The letter reads, in full:
Sir
Having received a letter from James Keaton belonging to His Majesty's Sloop Resolution under my command, acquainting me with his being inticed on board the Devonshire belonging to the Hon. East India Company, and there detain'd to serve as a soldier, I beg you will order him to be discharged or delivered up to such persons as I shall send for that purpose. I am Sir
Your Most Humble Servant
James Cook
To Mr. Coggin
The activities of press-gangs at this period are well known and were a considerable hazard to a captain preparing to embark. This was especially true in 1772 for Cook, who was enduring lengthy enforced delays in his preparations for the second voyage. Indeed, a great many sailors were known to have "run" from the Resolution in the long months while the two vessels were going through their refit, with an incredible fifty-eight recorded as having thus absconded, and another thirty-nine discharged for various reasons (see John Robson's online database).
The depth of research that has been done regarding Cook's musters makes this manuscript document of especial interest, as James Keaton is not otherwise known to Cook historians (the similarly named "John Heaton" is recorded as running at the Nore on 14 May 1772, but Cook's hand is clear and the dates irreconcilable). It is also interesting that Keaton, in Cook's words, has been taken 'as a soldier', as his detachment of marines did not come aboard until 29 April 1772. Despite the bustle of Deptford, it would seem that Cook was well informed about the fate of Keaton, as the 499-ton East Indiaman Devonshire, captain Robert Morgan, was very likely in port; she later sailed from Portsmouth on 12 April 1772 (see Charles Hardy, A Register of Ships, Employed in the Service of the Honourable the United East India Company, p. 55).
The letter is addressed to "Mr Coggin", undoubtedly a homophone for "Coggan", and almost certainly Charles Thomas Coggan, one of the directors of the East India Company and Comptroller of Shipping. Coggan went on to a long and illustrious career in the company, and by 1811 was the company's paymaster.

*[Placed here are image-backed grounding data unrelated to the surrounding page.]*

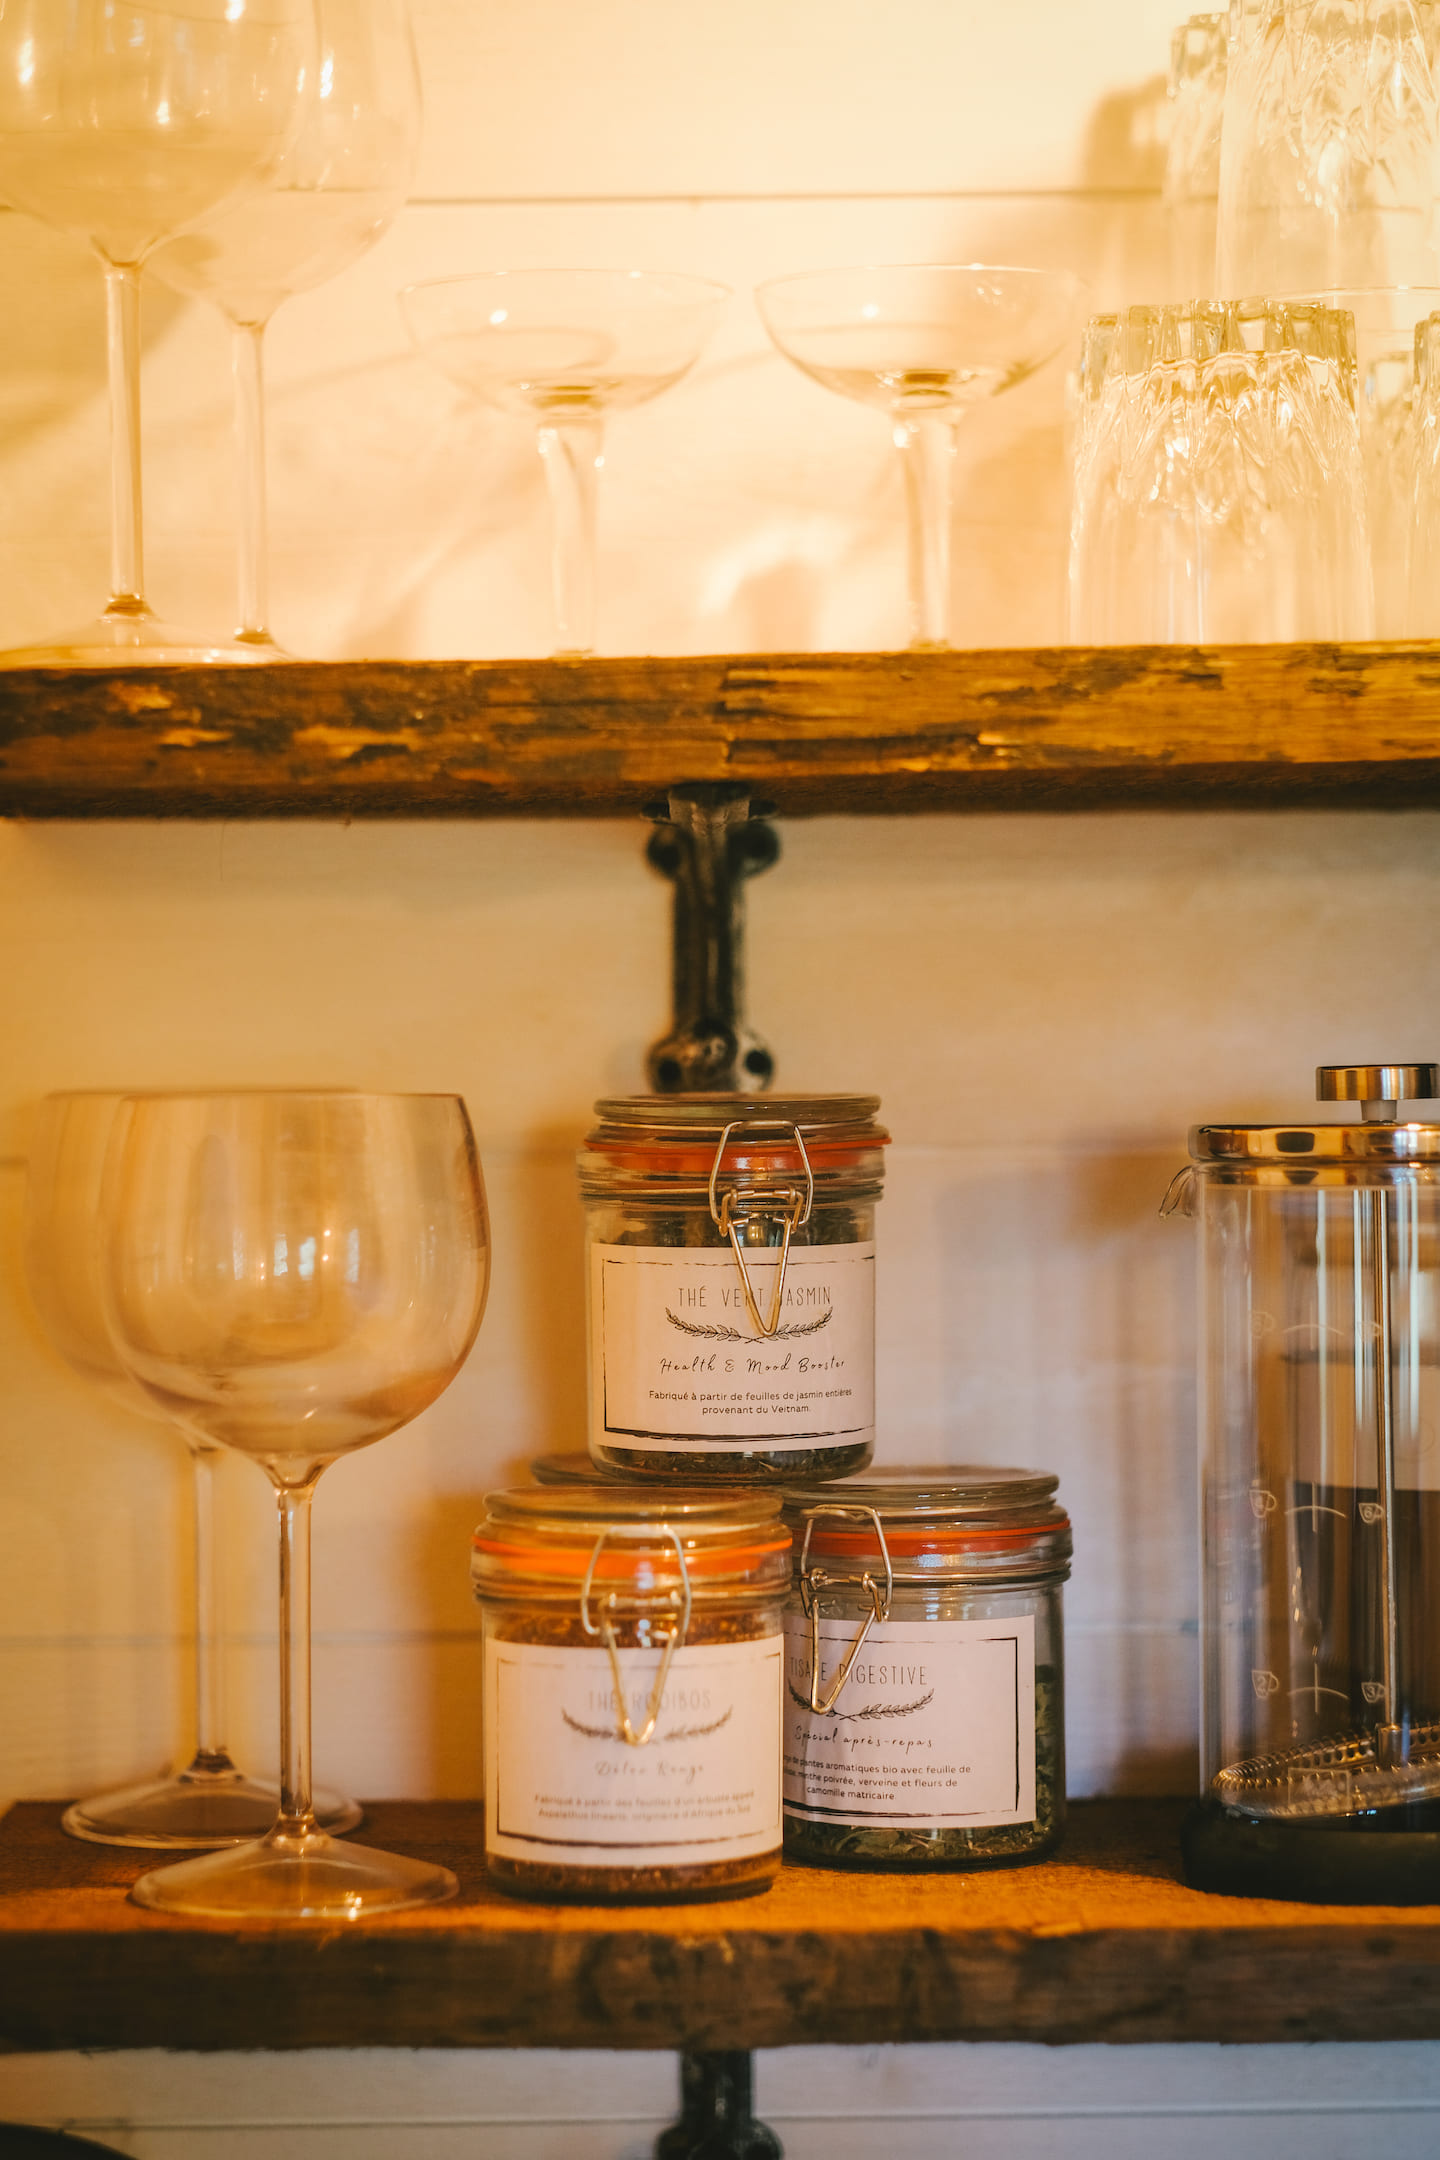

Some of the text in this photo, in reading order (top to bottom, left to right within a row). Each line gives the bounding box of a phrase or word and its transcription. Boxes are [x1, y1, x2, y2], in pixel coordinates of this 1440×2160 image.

[678, 1285, 707, 1308] THÉ
[777, 1286, 832, 1307] ASMIN
[659, 1353, 845, 1375] Health & Mood Booster
[649, 1390, 689, 1402] Fabriqué
[691, 1391, 697, 1401] à
[700, 1391, 727, 1403] partir
[730, 1391, 743, 1401] de
[745, 1391, 780, 1401] feuilles
[782, 1391, 794, 1400] de
[795, 1390, 823, 1402] jasmin
[702, 1406, 753, 1416] provenant
[756, 1404, 769, 1414] du
[790, 1656, 828, 1682] TISAE
[842, 1735, 933, 1755] après-repas
[825, 1761, 880, 1775] aromatiques
[882, 1764, 898, 1774] bio
[900, 1767, 923, 1775] avec
[926, 1765, 956, 1774] feuille
[959, 1765, 971, 1774] de
[858, 1777, 899, 1788] verveine
[901, 1778, 911, 1787] et
[914, 1778, 943, 1788] fleurs
[945, 1778, 958, 1788] de
[806, 1785, 846, 1798] camomille

The letter is not recorded in Beaglehole's calendar of documents for the second voyage, although he does note three other letters apparently of the same day, two to the Victualling Board and a third to Banks, at a time when the naturalist was still intending to sail. Moreover, while Beaglehole lists no fewer than ninety-two letters from Cook before he sailed on 13 July 1772, almost all of this material is quite boilerplate in form, mostly addressed to the Admiralty, or to official bodies such as the Victualling or the Navy boards. Other than the present, urgent example the only letters not taking on a formal cast are one to Cook's friend Captain William Hammond, two to Joseph Banks, and a few to Cook's fellow officers on the Resolution or Adventure. Unlike most of the letters from this period, and presumably because Cook wrote it himself in haste, the text of this letter was never copied into the ship's record (as would normally have been done by his clerk) and thus does not appear in the Canberra Letter Book (1771-1778).
This wonderful manuscript originally appeared for sale in the London dealer Francis Edwards' catalogue 904 (1967, item 96, priced £330: in the same catalogue a copy of Magra's surreptitious account of the first voyage was priced £95). The export licence attached to the letter shows that it was sold to R.C. Bedell of Columbia, Missouri.
Provenance: With Messrs Francis Edwards in 1967 (their catalogue 904, item 96); sold to R.C. Bedell (private collector of Columbia, Missouri); acquired by Robert Parks (private collector of Detroit, Michigan); with Hordern House (catalogue "Captain James Cook, the Greatest Discoverer. The Robert and Mary Anne Parks Collection", 2008, item 34); private collection (Australia).
Beaglehole, II, pp. 896-965 (Calendar of Documents), and passim.
Condition Report: Slight wear along original folds, but in excellent original condition.